WHAT IS EXPECTED: Set down each line of the material that follows, exactly, with no pictures.
+++ DATA +++
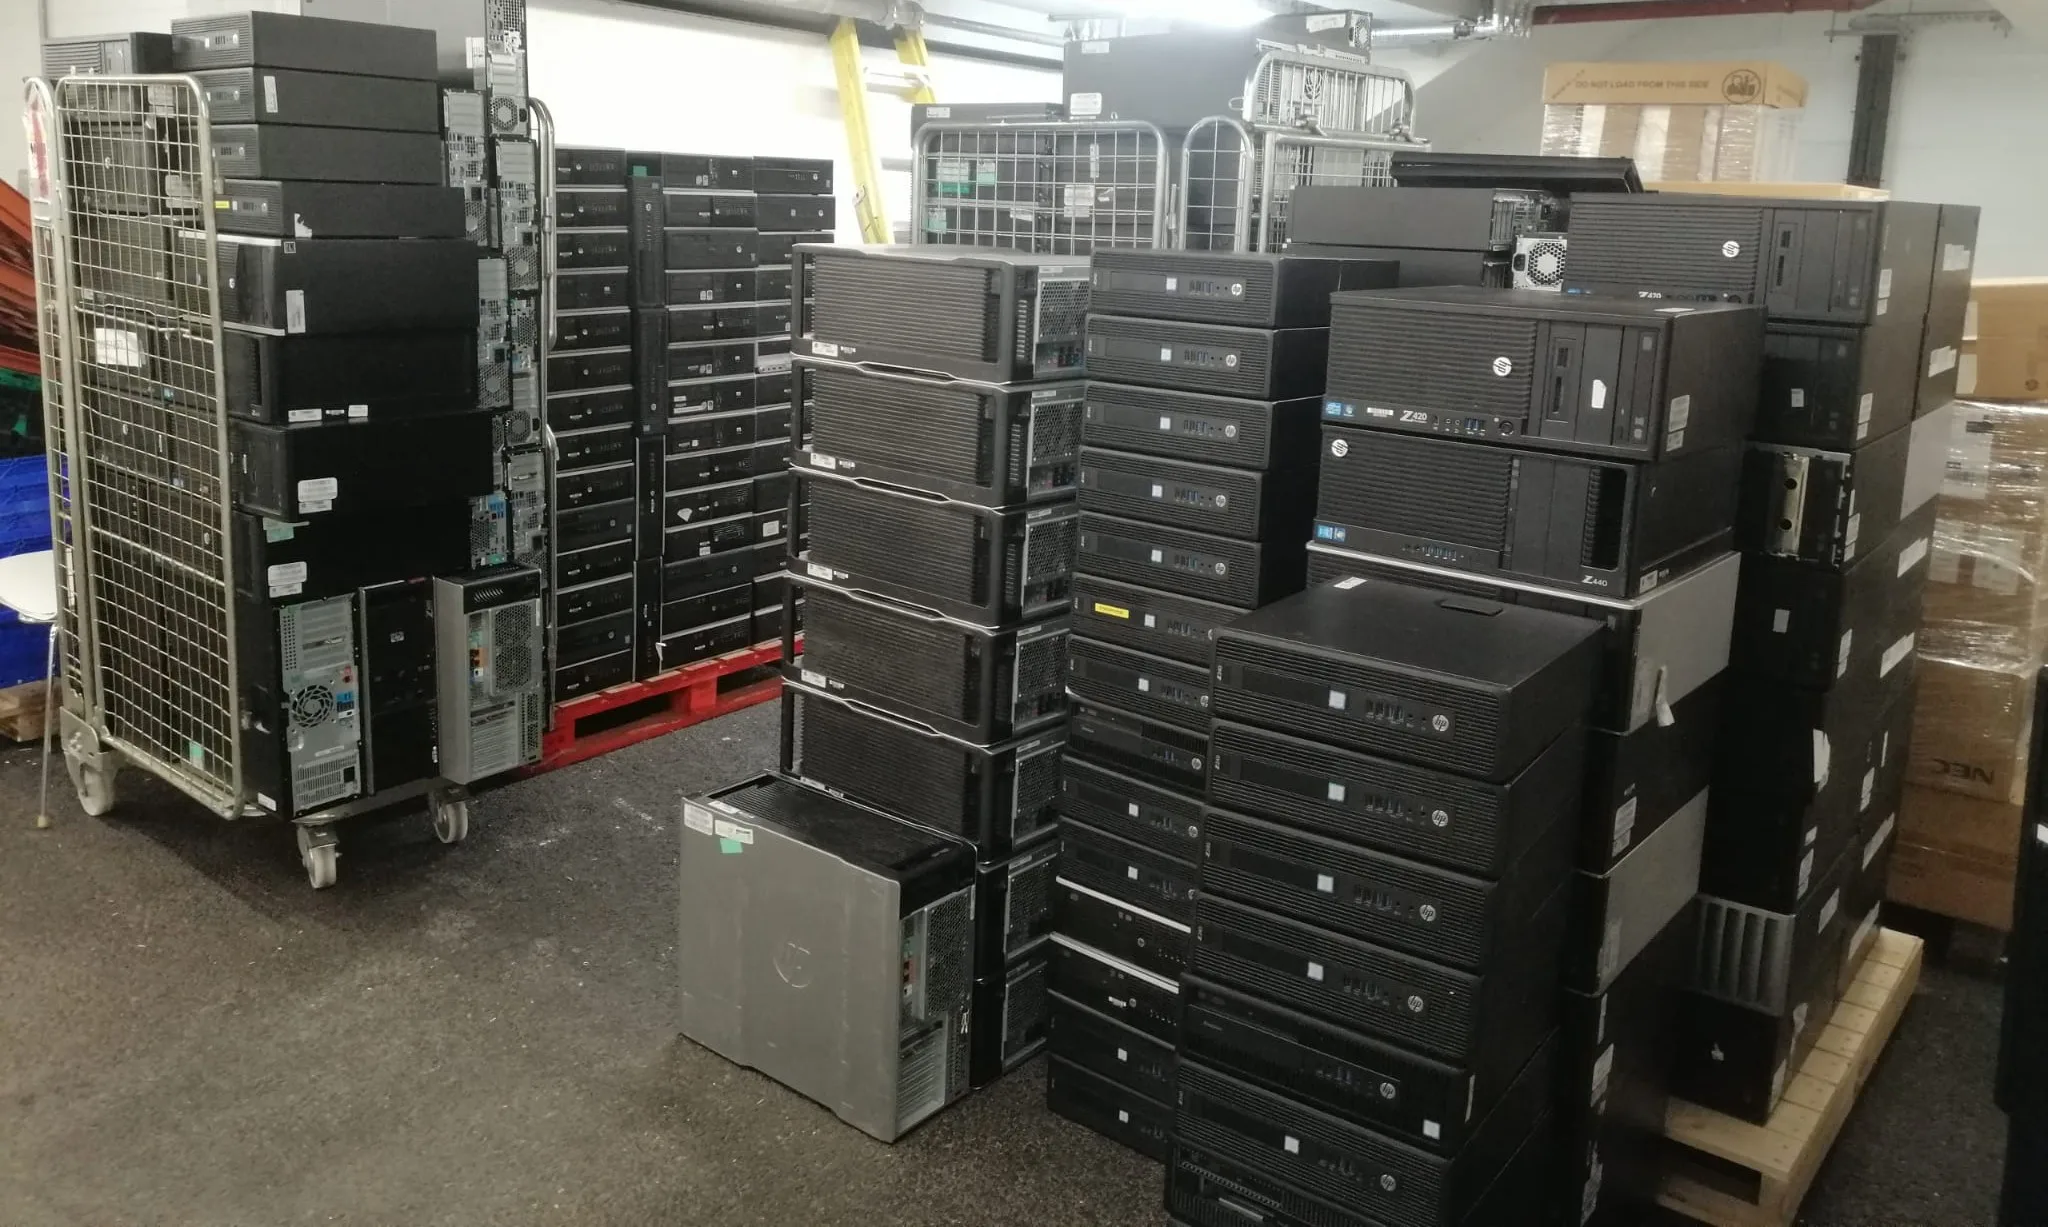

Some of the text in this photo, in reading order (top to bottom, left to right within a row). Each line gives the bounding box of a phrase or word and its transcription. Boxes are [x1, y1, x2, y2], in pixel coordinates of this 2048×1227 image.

[1590, 80, 1608, 89] NOT
[1609, 80, 1635, 89] LOAD
[1637, 80, 1663, 89] FROM
[1665, 80, 1686, 89] THIS
[1400, 410, 1428, 422] Z420
[1582, 574, 1608, 587] Z440
[1432, 714, 1450, 731] hp
[1931, 758, 1995, 785] NEC
[1431, 809, 1449, 827] hp
[1419, 904, 1436, 922] hp
[1407, 995, 1424, 1012] hp
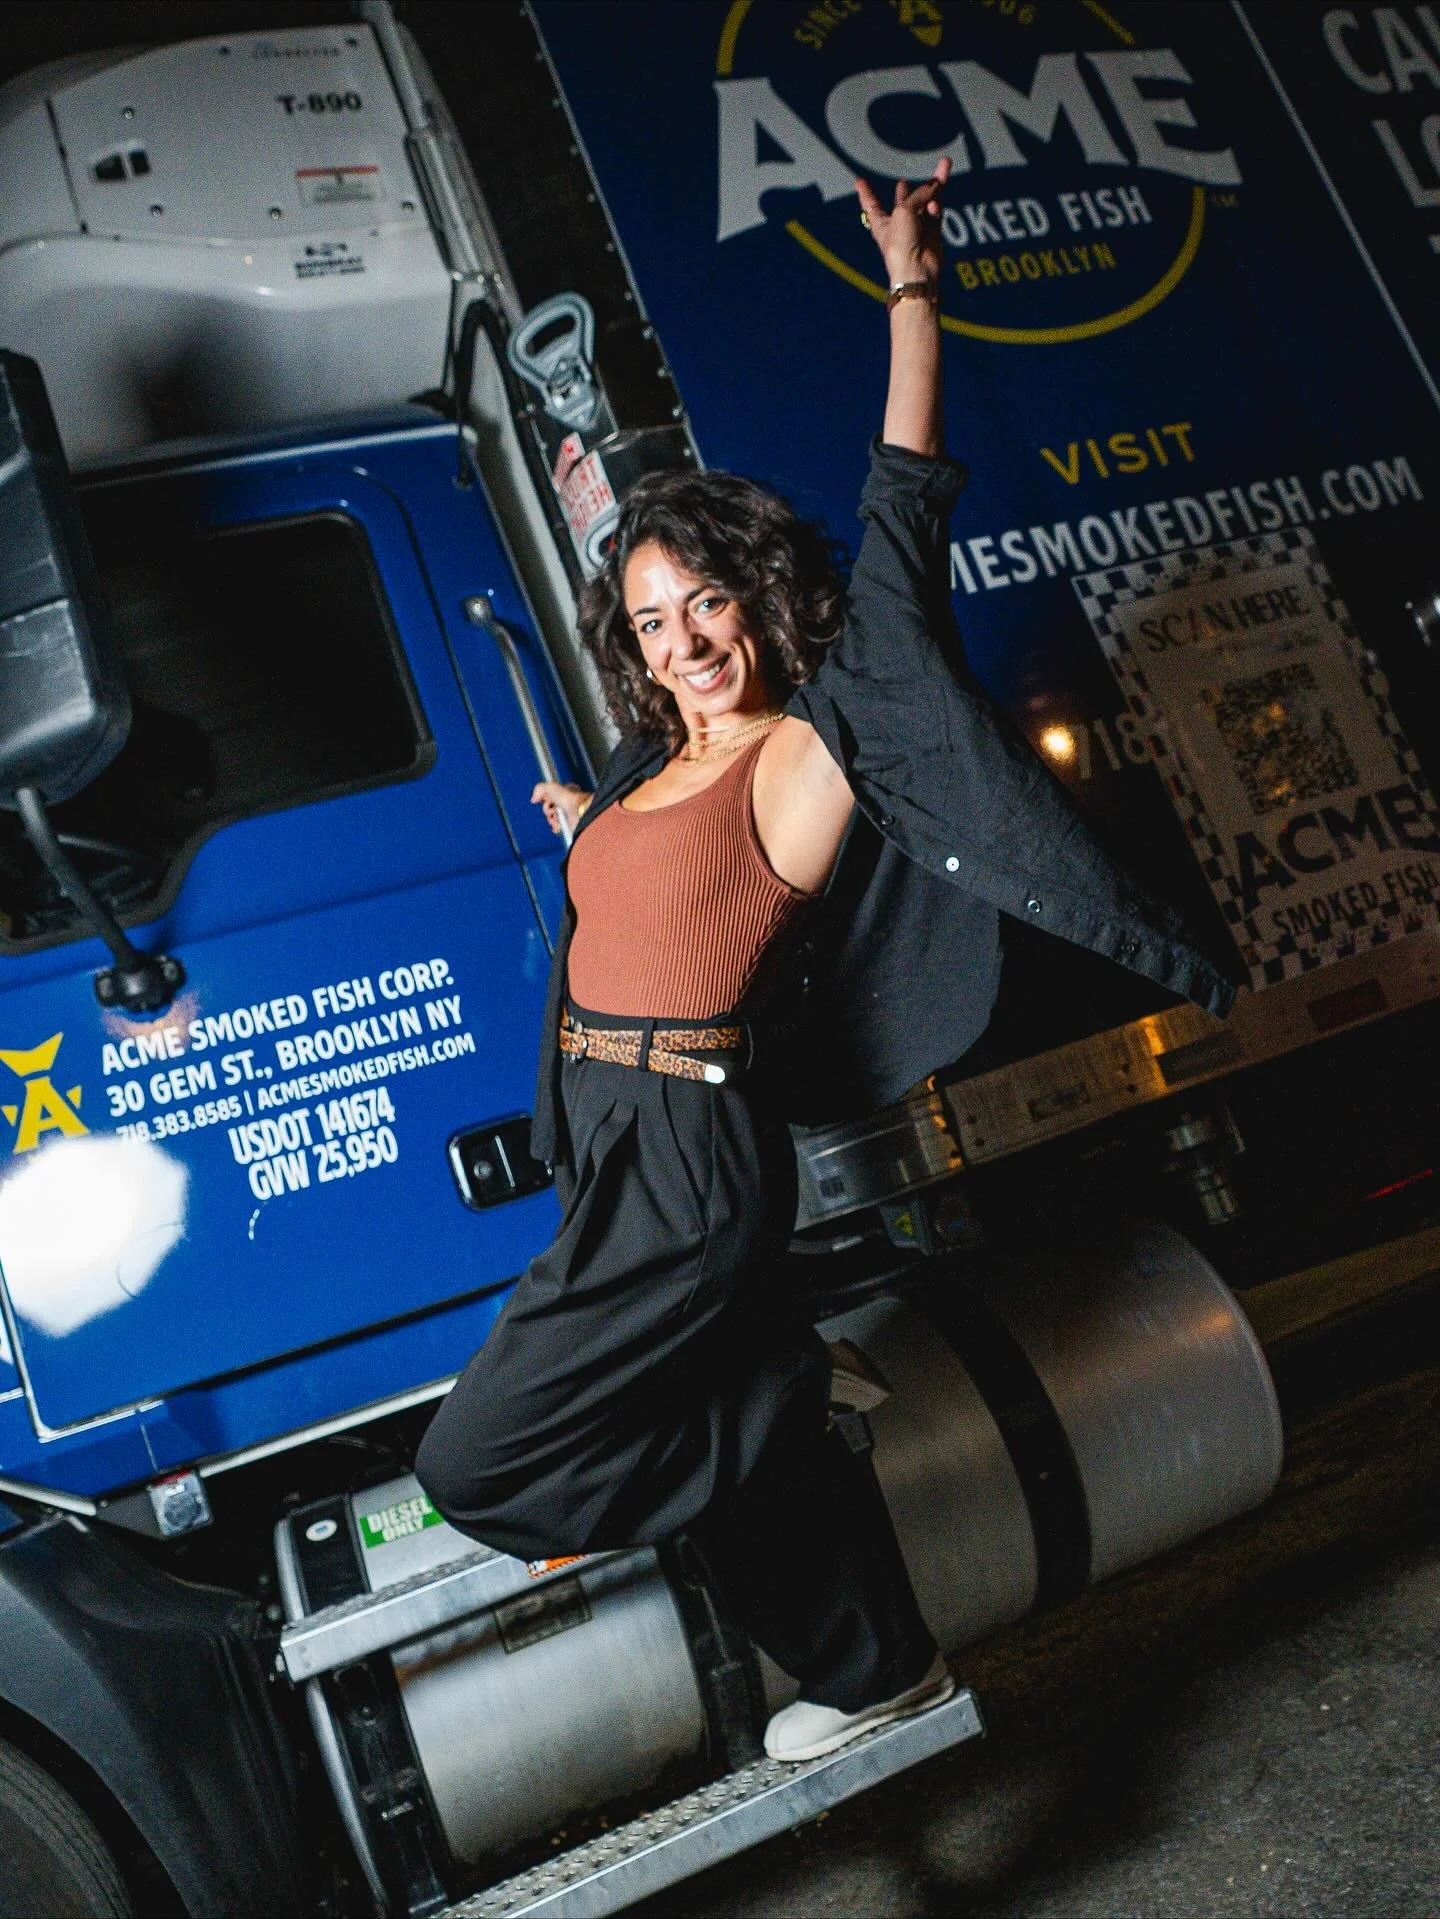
+++
EXERCISE OUTPUT:
Some of the text in this photo, in reading order (top to bottom, left to right within a row). Each line gives the bounding box of a phrase or word and its transcription. Boxes are [x1, y1, x2, y2], in pixel coordinates of this 2048×1227 image.

[1590, 80, 1608, 89] NOT
[1609, 80, 1635, 89] LOAD
[1637, 80, 1663, 89] FROM
[1665, 80, 1686, 89] THIS
[1400, 410, 1428, 422] Z420
[1582, 574, 1608, 587] Z440
[1432, 714, 1450, 731] hp
[1931, 758, 1995, 785] NEC
[1431, 809, 1449, 827] hp
[1419, 904, 1436, 922] hp
[1407, 995, 1424, 1012] hp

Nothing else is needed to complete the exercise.